The six echoes were acquired in 2 interleaves with 3 echoes per repetition time (TR) and TR/TE1/ΔTE = 8.2/1.3/1.1 ms, field of view (FOV) =626×511×102 mm3, voxel size =1.8 mm3 isotropic, receiver bandwidth =1,504 Hz/pixel, frequency direction=anterior/posterior (A/P), 1 average, scan time = 3 min 39 s. To minimize T1-bias effects a flip angle of 3° was used (24). Frequency encoding was performed in A/P direction to reduce respiratory motion artifacts. For the reconstruction, an image reconstruction toolbox from raw k-space data was used (ReconFrame, Gyrotools, Switzerland). The oversampling was not removed, yielding the above extended FOV. The T2* maps were calculated using chemical shift encoding-based water-fat separation performed offline. A signal model accounting for the multi-peak fat spectrum and assuming a single T2* decay was employed (25). A multi-peak fat model specific to bone marrow with 9 fat peaks was used as previously introduced by Ren et al. (26). A state-of-the-art graph-cut algorithm (27) was used for field-map estimation and the parameter estimation was refined with a recently proposed generalized method for parameter estimation in multi-echo gradient-echo experiments (28).

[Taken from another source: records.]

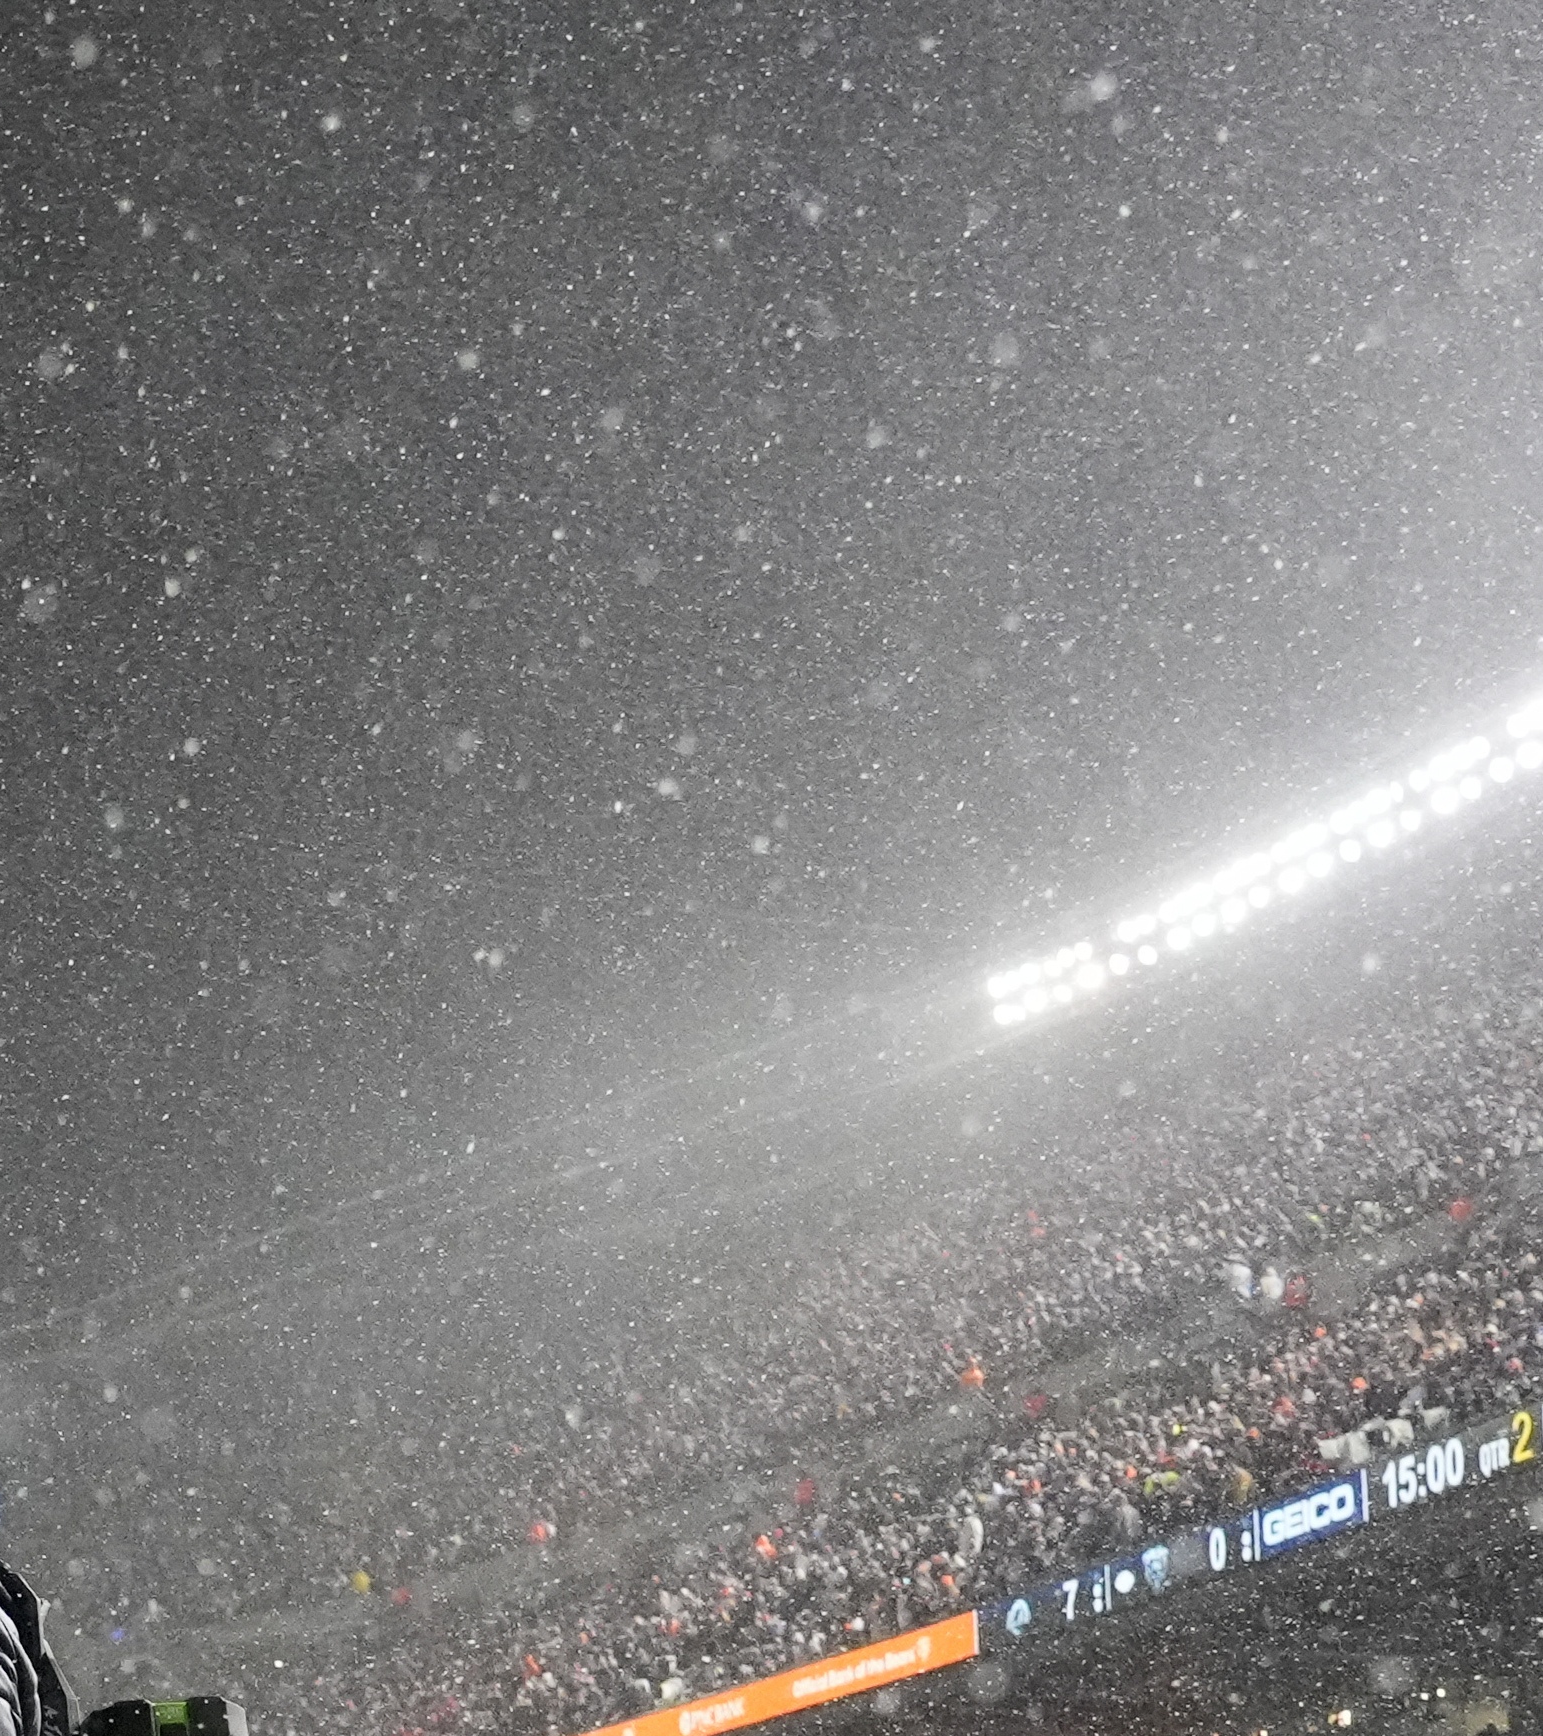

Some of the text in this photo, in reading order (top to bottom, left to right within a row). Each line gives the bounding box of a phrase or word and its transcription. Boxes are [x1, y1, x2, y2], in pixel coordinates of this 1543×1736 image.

[1382, 1437, 1464, 1509] 15:00
[1512, 1411, 1536, 1464] 2
[1262, 1483, 1355, 1547] GEICO
[1209, 1527, 1227, 1572] 0
[1062, 1579, 1080, 1620] 7
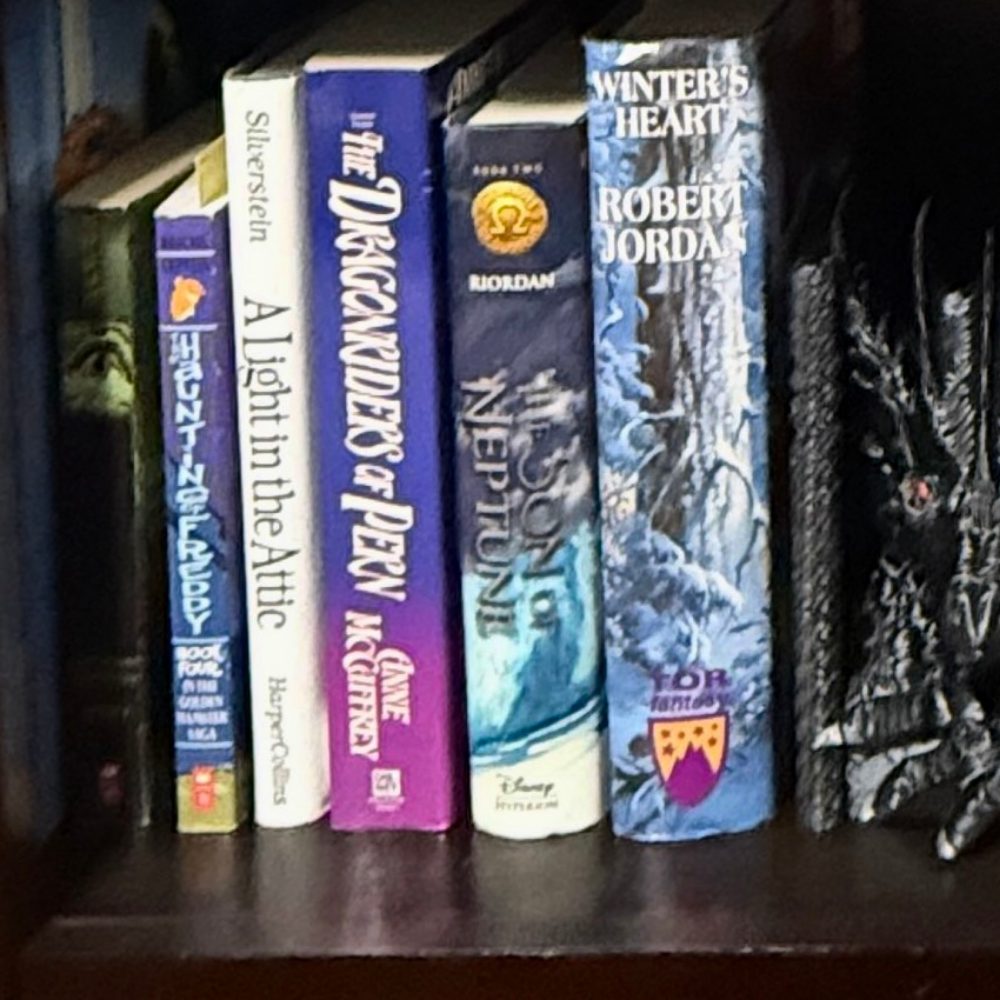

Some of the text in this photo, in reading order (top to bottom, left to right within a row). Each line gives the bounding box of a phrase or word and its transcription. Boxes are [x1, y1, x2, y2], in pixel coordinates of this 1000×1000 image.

[592, 64, 749, 102] WINTER'S
[614, 101, 726, 139] HEART
[245, 110, 272, 243] Silverstein
[599, 182, 749, 222] ROBERT
[328, 176, 404, 463] DRAGONRIDERS
[468, 272, 555, 293] RIORDAN
[238, 296, 301, 630] A Light in the Attic
[461, 370, 520, 640] NEPTUNE
[177, 512, 214, 636] FREDDY
[340, 493, 414, 602] PERN

Furthermore, the MR imaging protocol encompasses a sagittal short-tau inversion recovery (STIR) as well as a T1w spin-echo sequence according to clinical standards.

The entire vertebral bodies Th12 to L5 were manually segmentated by a radiologist (F.T.G., with 5 years of experience in MSK imaging) using the open-source software Medical Imaging Interaction Toolkit (MITK, German Cancer Research Center, Heidelberg, Germany). Heavily altered vertebrae (e.g., after kyphoplasty, heavy degenerative alterations) were excluded. The mean T2* value was calculated for each vertebra (fractured and non fractured) (Figure 1), then an average value was calculated for the non fractured vertebrae in each patient. In order to assess the intra-reader reproducibility error of the T2* and BMD values, a random sample of 5 subjects was chosen and reanalyzed by the same radiologist.

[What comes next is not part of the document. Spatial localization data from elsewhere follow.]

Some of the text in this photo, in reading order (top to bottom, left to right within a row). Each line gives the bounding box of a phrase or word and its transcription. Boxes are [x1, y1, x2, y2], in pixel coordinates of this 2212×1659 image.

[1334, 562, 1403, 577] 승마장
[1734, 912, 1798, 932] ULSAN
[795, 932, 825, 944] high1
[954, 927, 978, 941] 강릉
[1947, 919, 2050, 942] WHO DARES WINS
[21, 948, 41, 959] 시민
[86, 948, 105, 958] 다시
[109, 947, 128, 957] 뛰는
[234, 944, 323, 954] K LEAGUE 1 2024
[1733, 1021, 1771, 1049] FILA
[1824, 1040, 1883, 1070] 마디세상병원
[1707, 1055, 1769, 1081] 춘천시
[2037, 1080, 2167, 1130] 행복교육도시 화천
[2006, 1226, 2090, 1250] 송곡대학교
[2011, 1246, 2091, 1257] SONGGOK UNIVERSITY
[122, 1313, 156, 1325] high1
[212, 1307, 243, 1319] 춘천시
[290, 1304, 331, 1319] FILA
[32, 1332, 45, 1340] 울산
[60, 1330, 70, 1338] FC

Figure 1 T1w spin-echo sequence, STIR sequence and T2* map of the lumbar spine in sagittal orientation of a 73-year-old male patient with a VCF of L1. The manually segmented ROIs in the vertebral bodies L1 to L5 are depicted in red. VCF, vertebral compression fracture; ROI, region of interest; STIR, short-tau inversion recovery.

Analysis of the MR imaging

The morphologic imaging features of the vertebral fractures were assessed by two board-certified radiologists (BJS. and ASG, with 11 years and 9 years of experience in musculoskeletal imaging). In total, 47 vertebral fractures were identified. The radiologists also ensured, in context with the clinical history, that no morphologic signs for a malignant fracture were present in any of the sequences.

CT texture analysis of the trabecular bone

Trabecular bone analysis was performed using the CALCDCN software developed at the University of California, San Francisco, which is based on IDL (Interactive Display Language, Research Systems, Inc., CO, USA).

Axial images of the spine (reconstructed in the bone kernel) were binarized by absolute thresholding to bone (“on” pixels) and marrow (“off” pixels). A global threshold was applied to all images, which was optimized visually prior to all analysis procedures as previously described by other researchers (29,30). The analyzed parameters included the trabecular number [TbN (mm−1)], spacing [TbSp (mm)] and thickness [TbTh (mm)].

Statistical analysis

Statistical analysis was performed with SPSS version 25 software (IBM). Differences in baseline characteristics between osteoporotic patients with and without fractures or between patients with osteoporotic and traumatic fractures were assessed using independent sampes t-tests for continuous variables and chi-square tests for categorical variables. Pearson Correlation Coefficient was used to assess the correlations between T2* values, trabecular parameters and BMD. Differences in T2* values between patients with and without vertebral fractures in the osteoporotic/osteopenic group and differences between patients with osteoporotic/osteopenic fractures and traumatic fractures were calculated using a multivariable linear regression model, adjusting for age, sex and BMD. Significance was assumed if α-level was P<0.05.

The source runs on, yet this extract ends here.